Pourquoi la traduction humaine est essentielle
La traduction automatique a fait de grands progrès. Pour des messages courants ou une compréhension rapide, elle fonctionne suffisamment bien. Mais pour les langues de cette liste, les outils automatisés échouent là où cela compte le plus — la nuance, le ton, le registre culturel et le jugement. De nombreuses entreprises ont tenté de traduire avec ChatGPT pour découvrir qu'une apparente fluidité peut dissimuler des erreurs graves.

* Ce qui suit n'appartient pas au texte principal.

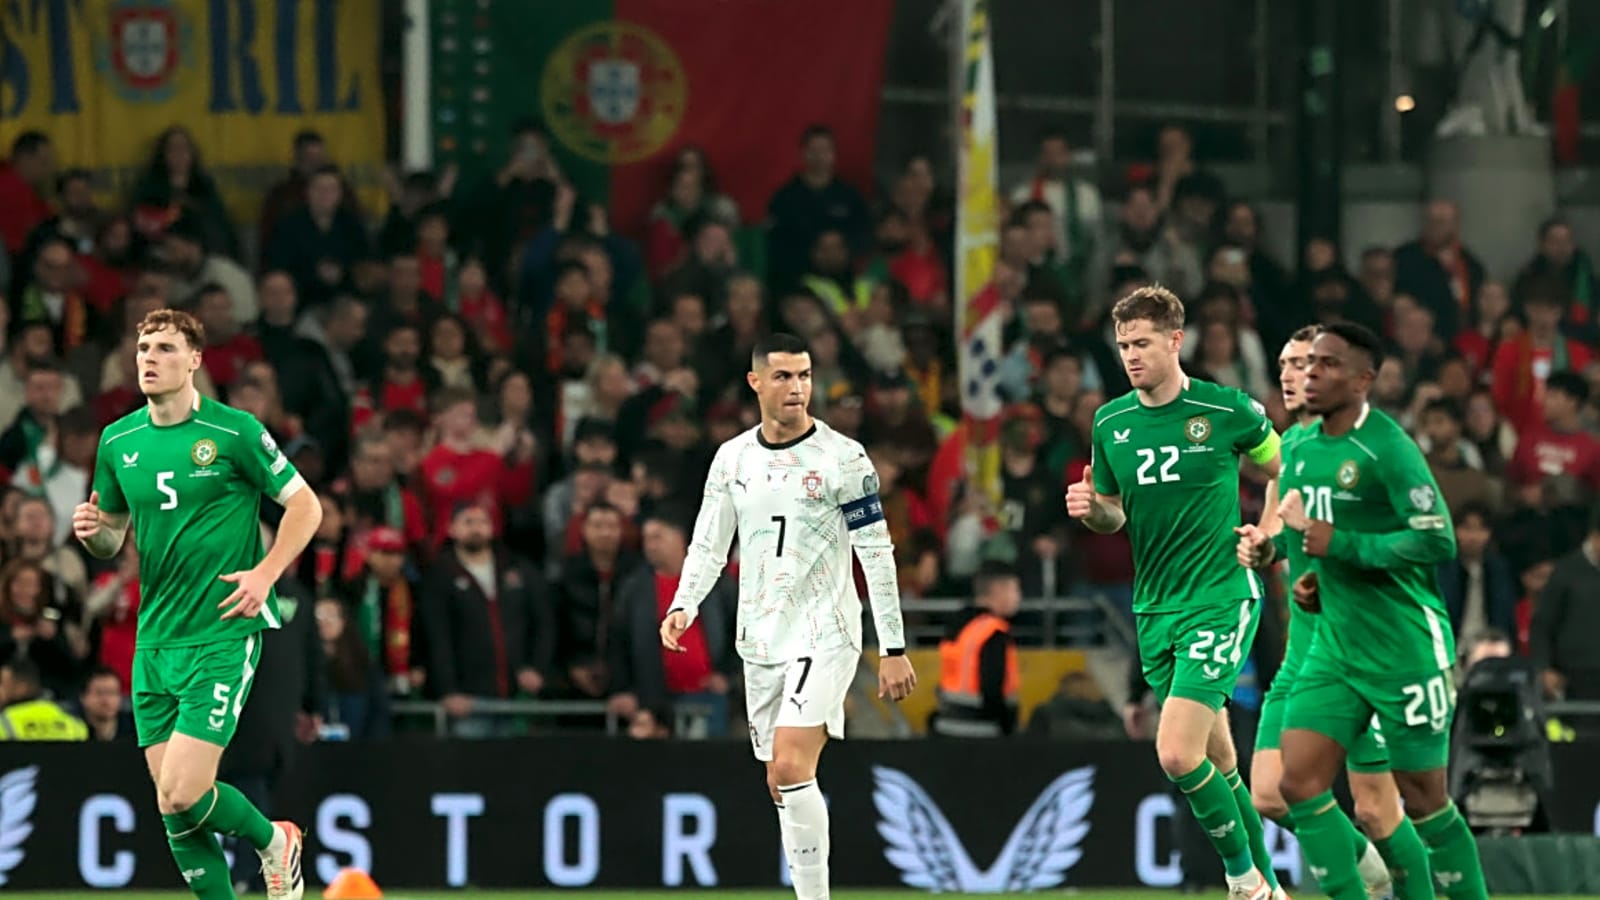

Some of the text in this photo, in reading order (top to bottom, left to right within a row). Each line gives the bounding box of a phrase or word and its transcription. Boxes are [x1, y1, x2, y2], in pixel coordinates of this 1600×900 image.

Un traducteur travaillant en japonais prend des décisions sur le statut et la relation à chaque choix de verbe. Celui qui travaille en arabe gère simultanément le dialecte, la formalité et les attentes régionales. Ce n'est pas quelque chose qu'un modèle de langage peut pleinement reproduire — surtout pas pour des documents juridiques, médicaux ou à forts enjeux. Lorsqu'il s'agit de traduction humaine ou automatique, l'écart devient le plus visible dans ces situations à forts enjeux.
Les langues les plus difficiles à traduire ne sont pas seulement techniquement exigeantes. Elles nous rappellent que la langue est la culture rendue audible. Et transporter le sens d'un monde à l'autre exige quelqu'un qui a vécu dans les deux.